Bak wasn’t an insurance actuary, so he characterized exceedence probability in terms that a physicist understands. However, if we consider the insurance industry, when comes to extreme events that they can’t factor in to pricing, savings, liquidity, etc. they “lawyer up” — they ensure their contracts make exceptions or special previsions for the most exceptional circumstances to protect themselves from going out of business. They “clip the tail” off the distribution, so to speak, so that they minimize the risk of being ruined.
The sandpile computer wasn't just a toy – it was a revelation. It showed that even simple systems, governed by straightforward rules, could give rise to complex, unpredictable behavior. The “BTW model” captured the essence of self-organized criticality, that tantalizing state where systems teeter on the brink of chaos, constantly flirting with collapse but never quite succumbing.

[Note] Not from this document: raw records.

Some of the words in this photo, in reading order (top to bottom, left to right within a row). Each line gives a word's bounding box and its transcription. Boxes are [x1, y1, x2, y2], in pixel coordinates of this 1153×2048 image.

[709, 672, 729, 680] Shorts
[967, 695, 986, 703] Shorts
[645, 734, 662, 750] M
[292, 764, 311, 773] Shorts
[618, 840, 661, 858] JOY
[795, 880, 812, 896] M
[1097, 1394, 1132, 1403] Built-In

It also ignited a scientific firestorm. Researchers began applying the sandpile model to everything from earthquakes and forest fires to stock market crashes and even wars. Could this simple model, born from virtual grains of sand, hold the key to understanding the unpredictable rhythms of our world?

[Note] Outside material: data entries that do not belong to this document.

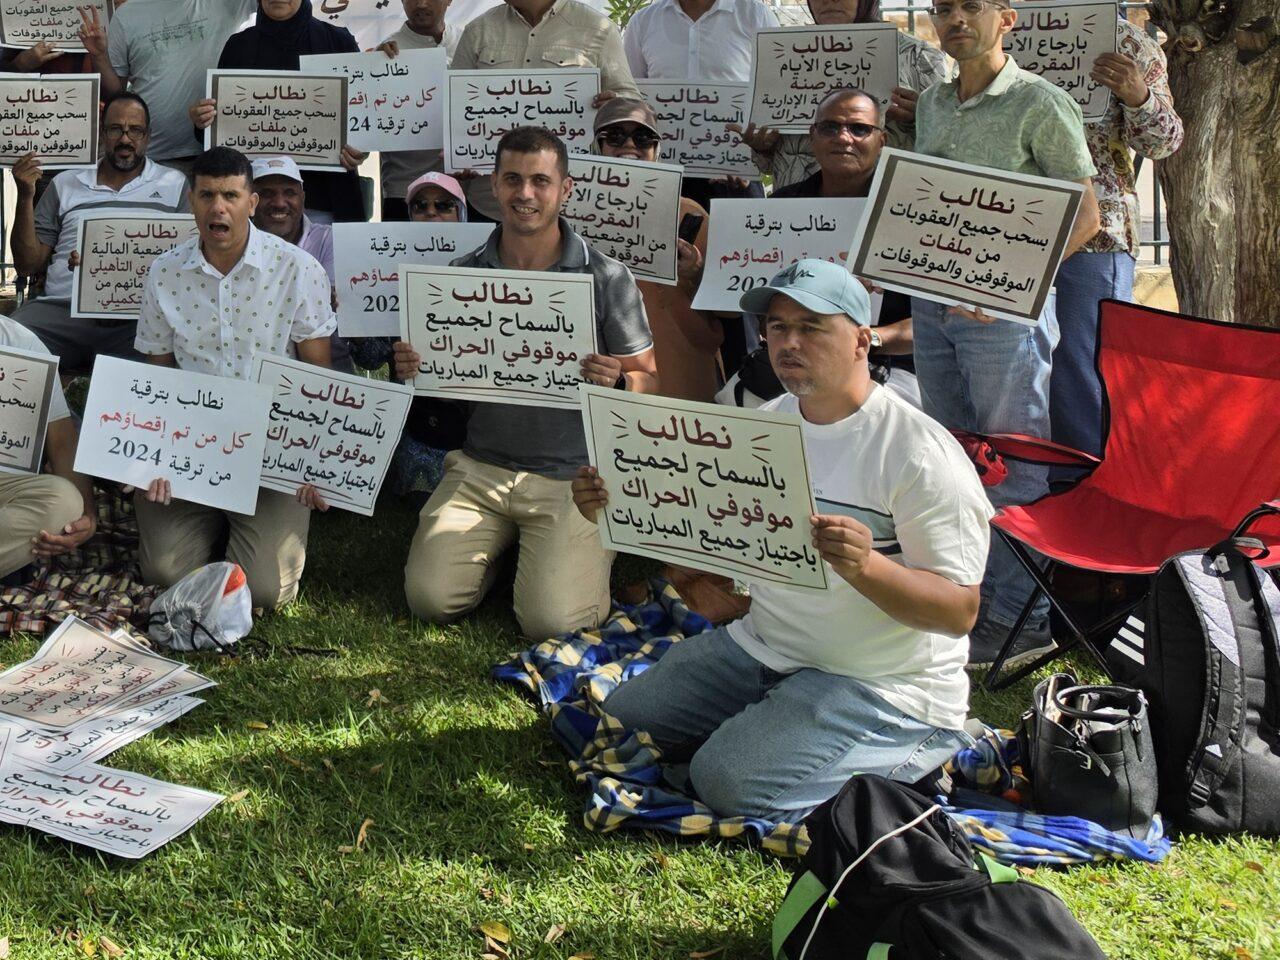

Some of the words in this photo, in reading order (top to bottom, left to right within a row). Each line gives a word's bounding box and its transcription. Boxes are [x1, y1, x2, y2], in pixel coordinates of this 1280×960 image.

[793, 35, 853, 58] نطالب
[780, 58, 818, 76] الايام
[824, 58, 871, 76] بارجاع
[6, 89, 58, 107] نطالب
[253, 86, 306, 103] نطالب
[762, 94, 806, 108] الإدارية
[26, 111, 55, 124] جميع
[56, 111, 87, 122] بسحب
[223, 105, 270, 118] العقوبات
[273, 109, 302, 121] جميع
[304, 110, 336, 120] بسحب
[3, 125, 39, 136] ملفات
[44, 127, 60, 138] من
[249, 122, 287, 133] ملفات
[291, 126, 307, 136] من
[41, 140, 86, 153] الموقوفين
[220, 135, 285, 150] والموقوفات.
[288, 139, 336, 152] الموقوفين
[940, 188, 1015, 214] نطالب
[890, 202, 959, 228] العقوبات
[959, 219, 1001, 241] جميع
[920, 233, 971, 257] ملفات
[1004, 231, 1048, 253] بسحب
[874, 246, 962, 278] والموقوفات.
[975, 248, 1001, 264] من
[965, 268, 1034, 294] الموقوفين
[452, 282, 533, 308] نطالب
[426, 310, 492, 332] لجميع
[499, 312, 574, 339] بالسماح
[430, 334, 494, 358] الحراك
[503, 339, 577, 367] موقوفي
[418, 360, 487, 383] المباريات
[494, 370, 538, 387] جميع
[131, 379, 169, 404] بترقية
[177, 390, 223, 410] نطالب
[301, 382, 365, 409] نطالب
[0, 396, 36, 413] بسحب
[269, 401, 328, 427] لجميع
[100, 410, 166, 439] إقصاؤهم
[172, 427, 190, 445] تم
[328, 414, 385, 444] بالسماح
[637, 415, 732, 449] نطالب
[195, 435, 217, 448] من
[223, 431, 251, 454] كل
[267, 425, 320, 450] الحراك
[108, 437, 162, 465] 2024
[320, 440, 375, 467] موقوفي
[613, 447, 688, 475] لجميع
[170, 455, 204, 480] ترقية
[262, 454, 304, 473] المباري
[304, 465, 336, 484] جميع
[209, 472, 232, 485] من
[337, 471, 376, 495] باجتياز
[696, 457, 786, 499] بالسماح
[622, 477, 697, 509] الحراك
[612, 508, 693, 540] المباريات
[707, 493, 793, 533] موقوفي
[699, 528, 750, 556] جميع
[755, 538, 816, 572] باجتياز

The Sandpile's Secret Language: Deciphering the Patterns of Disaster
Picture this: You're a detective, not at a crime scene, but at a beach. Your "victim"? A sandpile. You observe its individual grains tumbling down in random avalanches. It's chaos, right?
The Plot Thickens: Unpredictable, Yet Predictable
Not quite. Zoom out. Look at the bigger picture, the entire sandpile. A pattern emerges. Small avalanches are frequent, medium ones less so, and massive collapses rare. You can't predict the exact moment or size of the next tumble, but over time, a clear trend emerges.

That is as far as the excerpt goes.